Social scientists have puzzled over the middle classes for well over a century. At the most general level the reasons for this are straightforward. Most concepts used to analyse social divisions are simple, binary ones: that is to say, they divide people into two groups along a single axis. A great variety of concepts have been used in this way: society has been divided into the propertied and propertyless; exploiters and exploited; powerful and powerless; those functional for society and those non-functional, and so forth.
Such concepts can be readily applied to groups that are clearly at the extremes of any of these poles, such as a ‘ruling class’ or ‘establishment’ on the one hand, or a working class on the other. But they run into problems when applied to those who do not instantly appear to fit either of the binary terms used: that is, those who are not particularly powerful, but who are not excluded from power; and who do not appear to exploit anyone in a particularly obvious way, but who do not seem to be exploited either. The middle classes, because they are in the middle, do not readily fit into the types of binary concepts so widely used in social science.

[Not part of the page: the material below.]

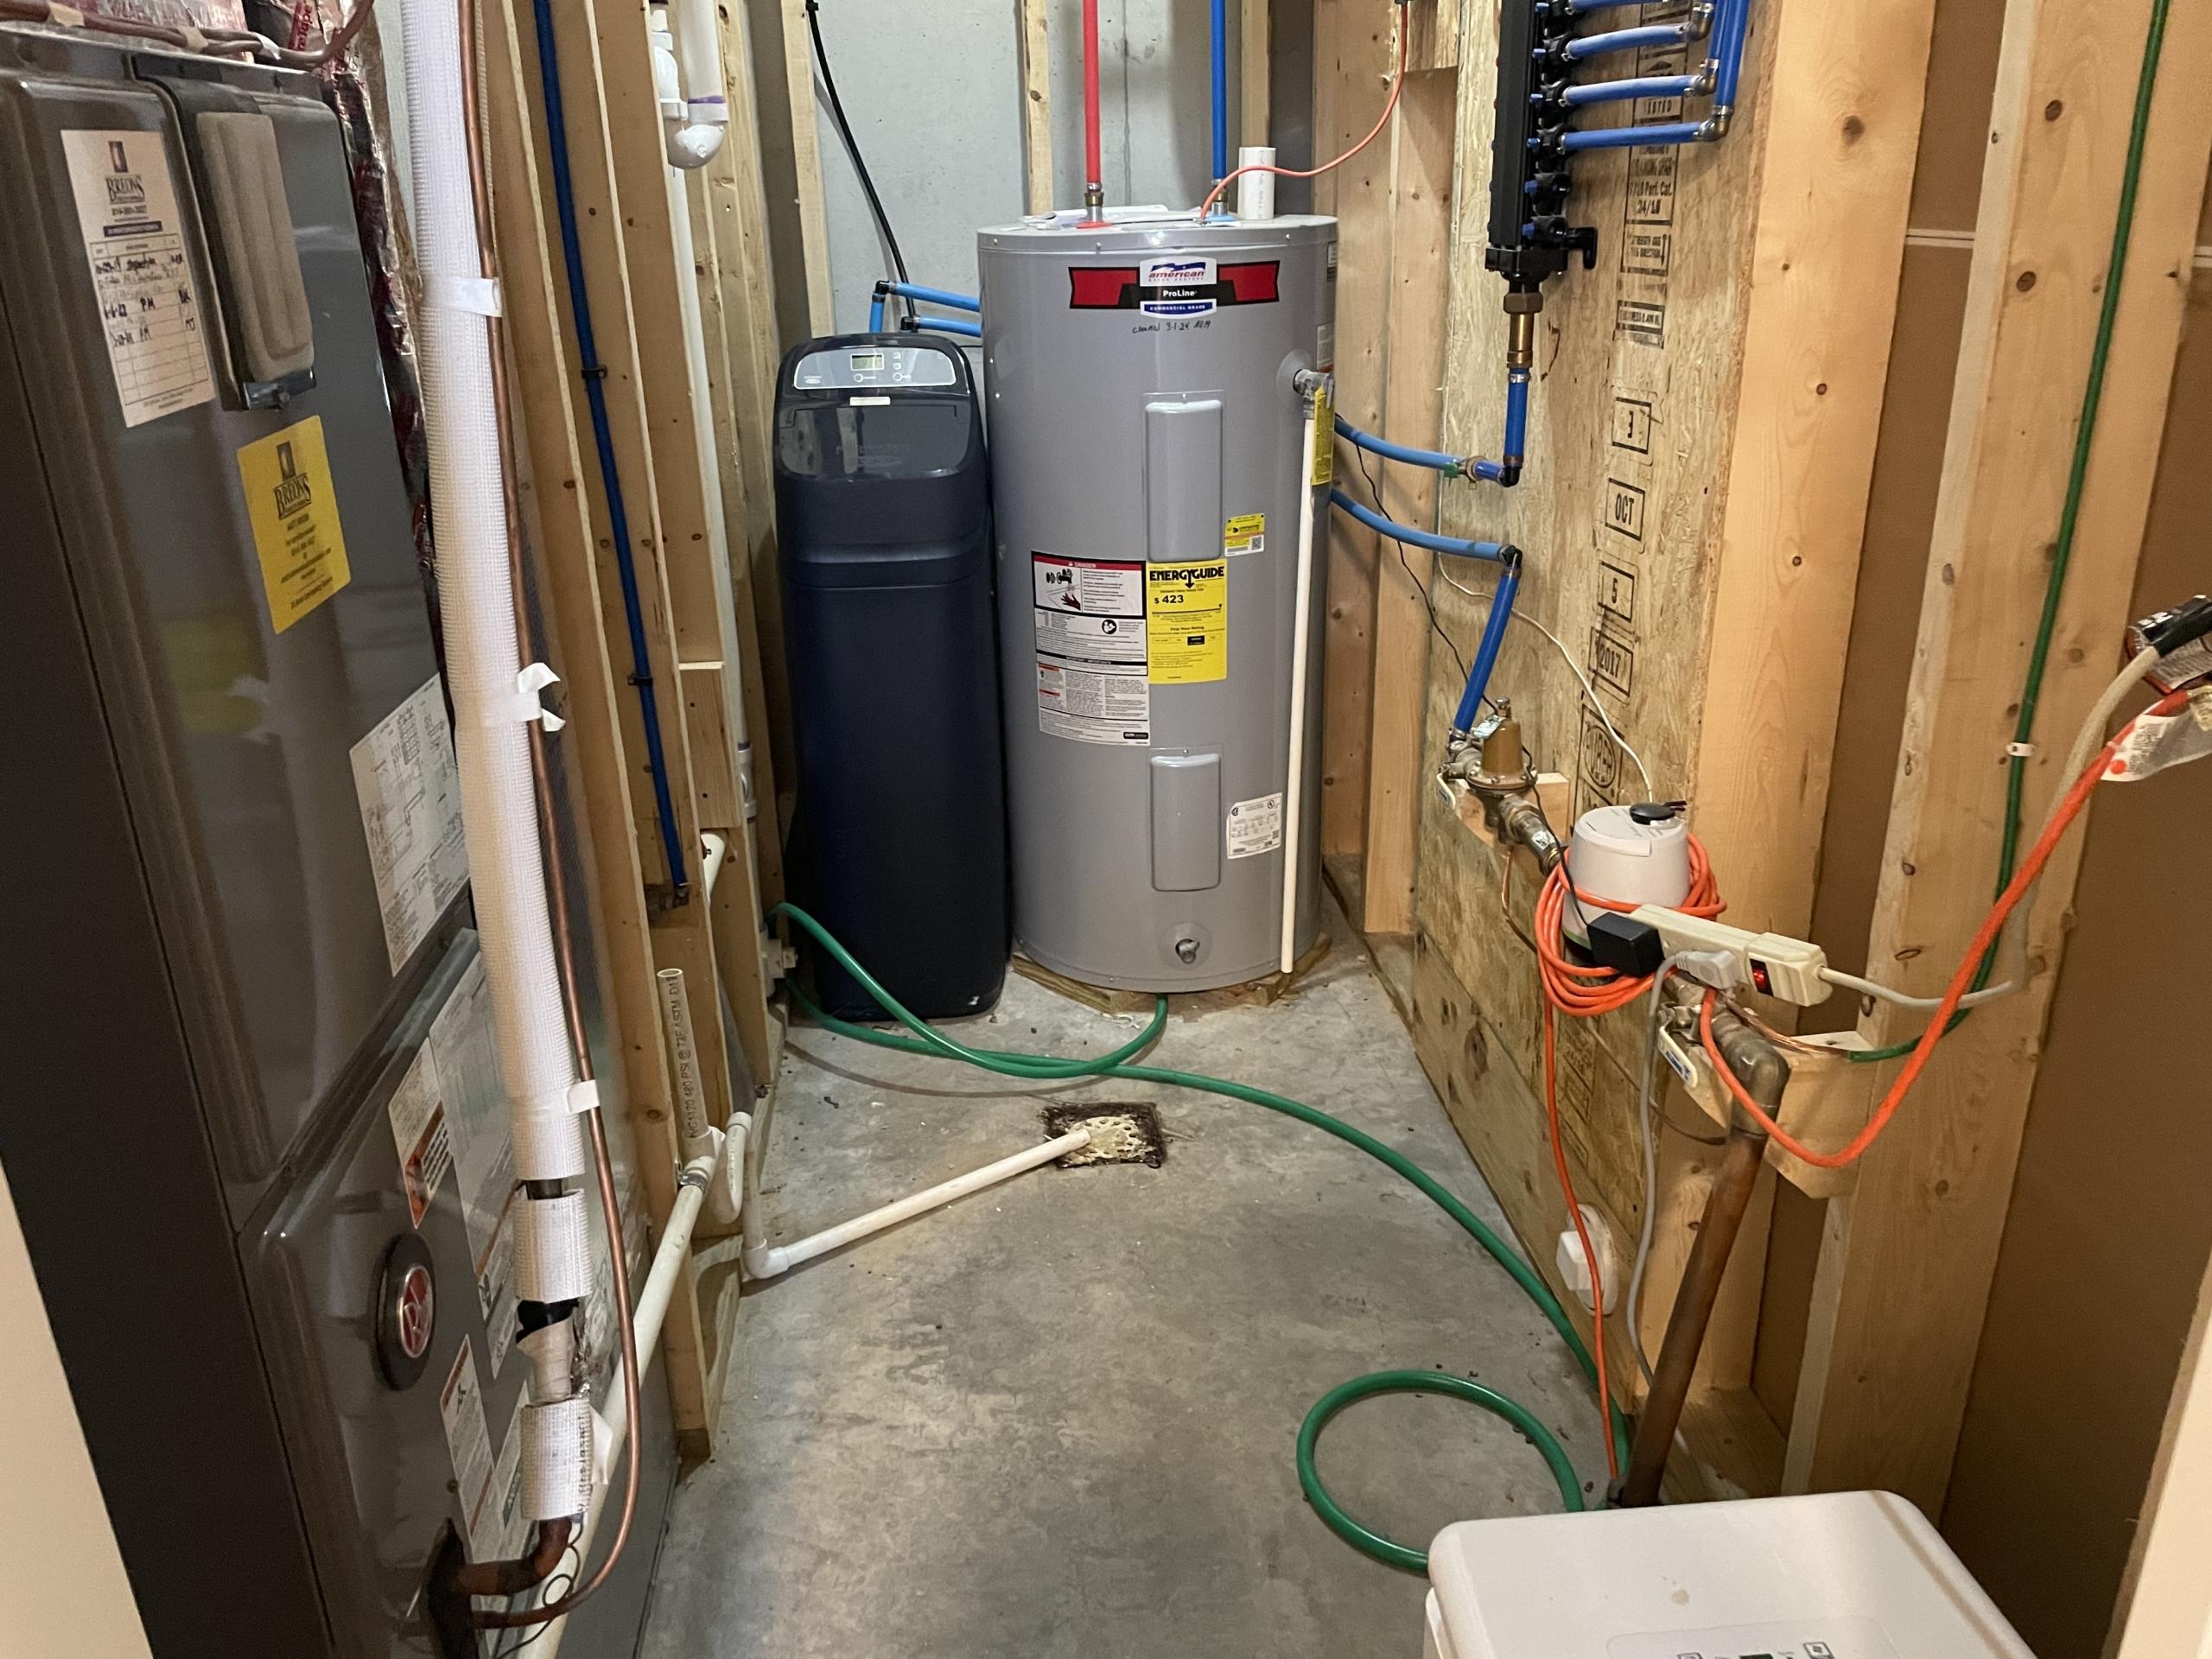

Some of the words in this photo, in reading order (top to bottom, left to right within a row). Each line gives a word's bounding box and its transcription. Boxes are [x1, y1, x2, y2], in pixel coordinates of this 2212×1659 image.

Classical social theory has left three ways of‘coping’ with this problem. The first tendency is to squeeze them into binary oppositions by positing a set of links between the middle classes and either the dominant or subordinate social group. The second tendency is to adopt a more descriptive approach and to abandon any clear attempt to explain the specificity of the middle classes. The third – and in our view most promising – avenue has been to explore how the middle classes might actually be social classes in their own right. This has, in British work, centred around discussion concerning the argument that some groups within the middle class can best be seen as a ‘service class’.
Before passing on to consider the debate on the service class, let us briefly assess the limitations of the other two approaches. The attempt to link the middle classes to other groups involves finding a mechanism by which the interests and concerns of the middle class can be attributed to a different – dominant or subordinate – class. The most common linkage used here is a functional one, where a certain middle class grouping is seen as functioning, or performing a particular service, for a dominant social group or for ‘society’ as a whole.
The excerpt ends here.